Male Rhyothemis plutonia, from here.

Belongs within: Paneurypalpidomorpha.
Contains: Brachydiplax, Orthetrum, Libellula, Agrionoptera.

The Libellulidae, skimmers and perchers, are a diverse group of dragonflies with antenodal costal and subcostal veins in strict alignment, and a rounded base to the hindwing in both sexes (Theischinger & Hawking 2006). Members of the group vary widely in appearance; some have strongly patterned wings whereas others have entirely transparent wing membranes.

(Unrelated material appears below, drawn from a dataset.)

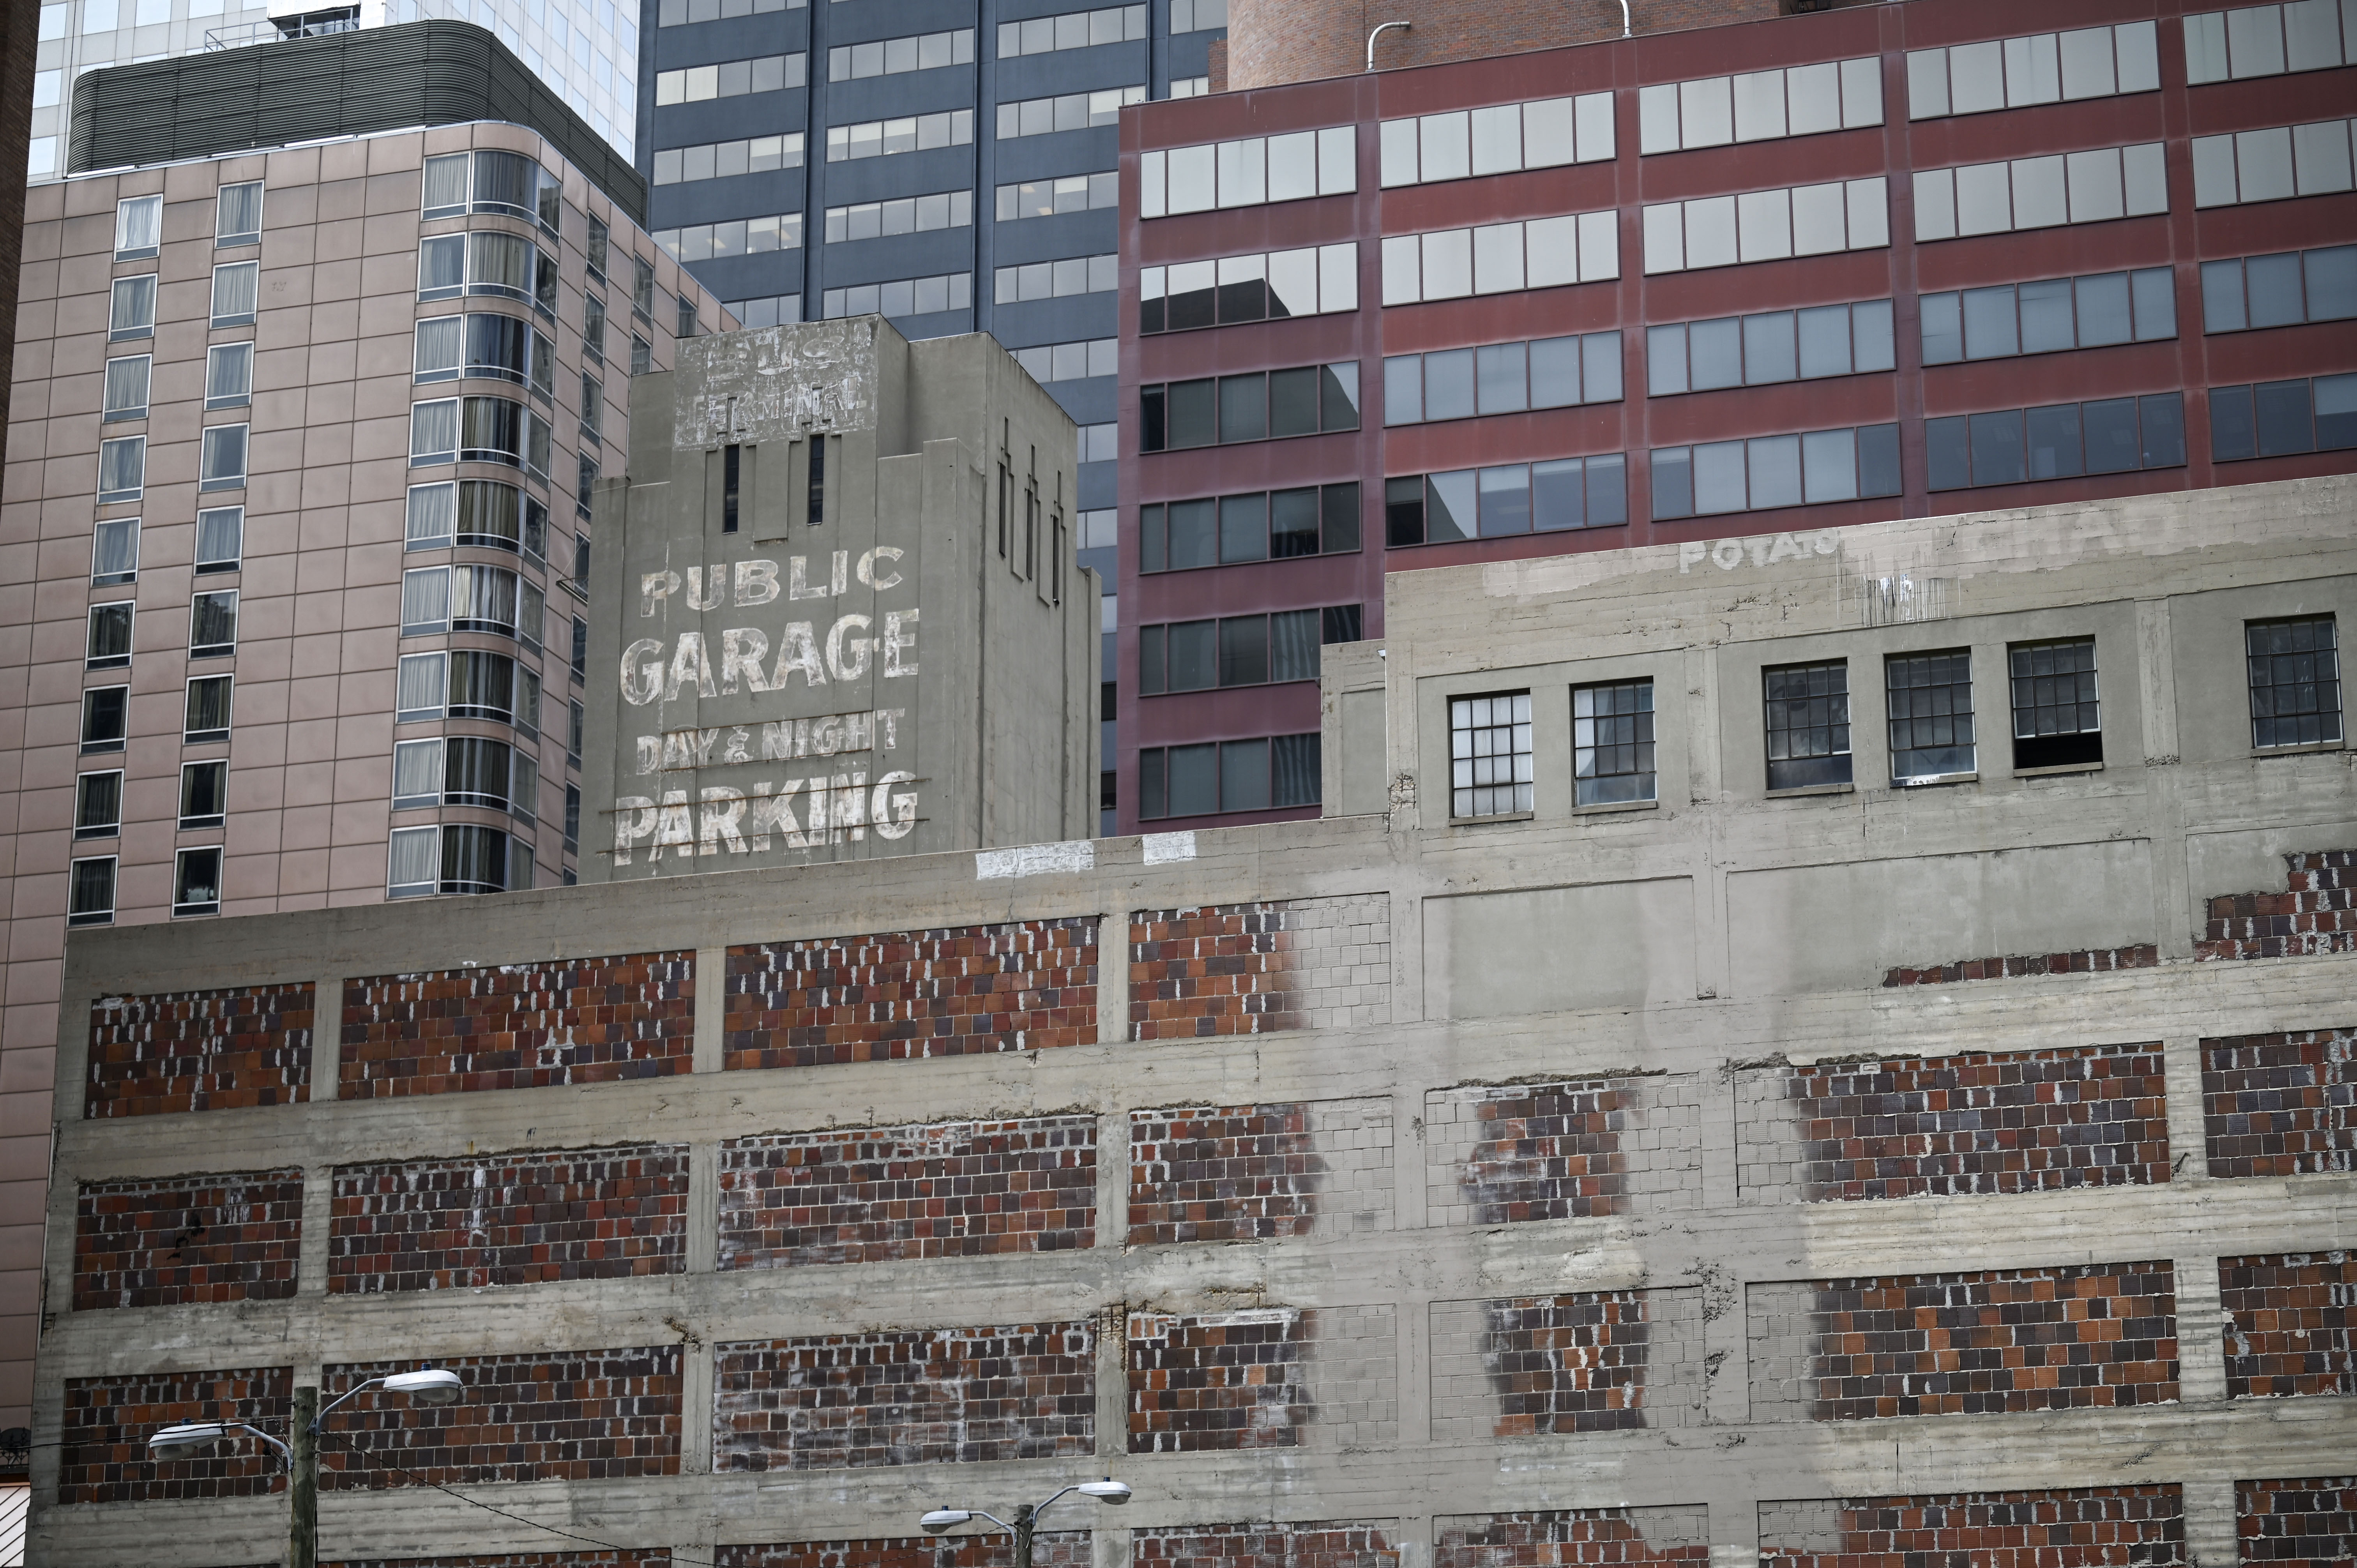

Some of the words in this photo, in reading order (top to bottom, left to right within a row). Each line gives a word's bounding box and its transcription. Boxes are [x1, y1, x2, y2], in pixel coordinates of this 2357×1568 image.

The family is divided between several subfamilies, primarily on the basis of wing venation characters. Members of the largest subfamily, the Sympetrinae, have fore wings with the last antenodal crossvein not extending beyond the subcosta, the arculus between the first and second antenodal crossveins, and distinct radial and medial planates, and hind wings with a broad base and a highly visible anal loop. The Libellulinae usually have the arculus at or distal to the second antenodal crossvein in both pairs of wings; it is always so at least in the hind wing. The Pantalinae are a subfamily of broad-winged, strong fliers (Watson & O’Farrell 1991); the pantropical Pantala flavescens may be the single most widespread odonatan species. The Old World tropical genus Rhyothemis contains broad-winged, short-bodied dragonflies with extensive dark markings on the fore and hind wings, and a typically fluttering flight (Theischinger & Hawking 2006).

Libellulidae: on the wing
Published 21 June 2018

Dragonflies of the order Odonata are unquestionably one of the more familiar groups of insects to the general public. They are large, visible and eye-catching, and may be quite colourful. Some have even taken to ‘twitching’ dragonflies in the same manner as bird species, identifying species observed on the wing and keeping a tally of how many they have seen.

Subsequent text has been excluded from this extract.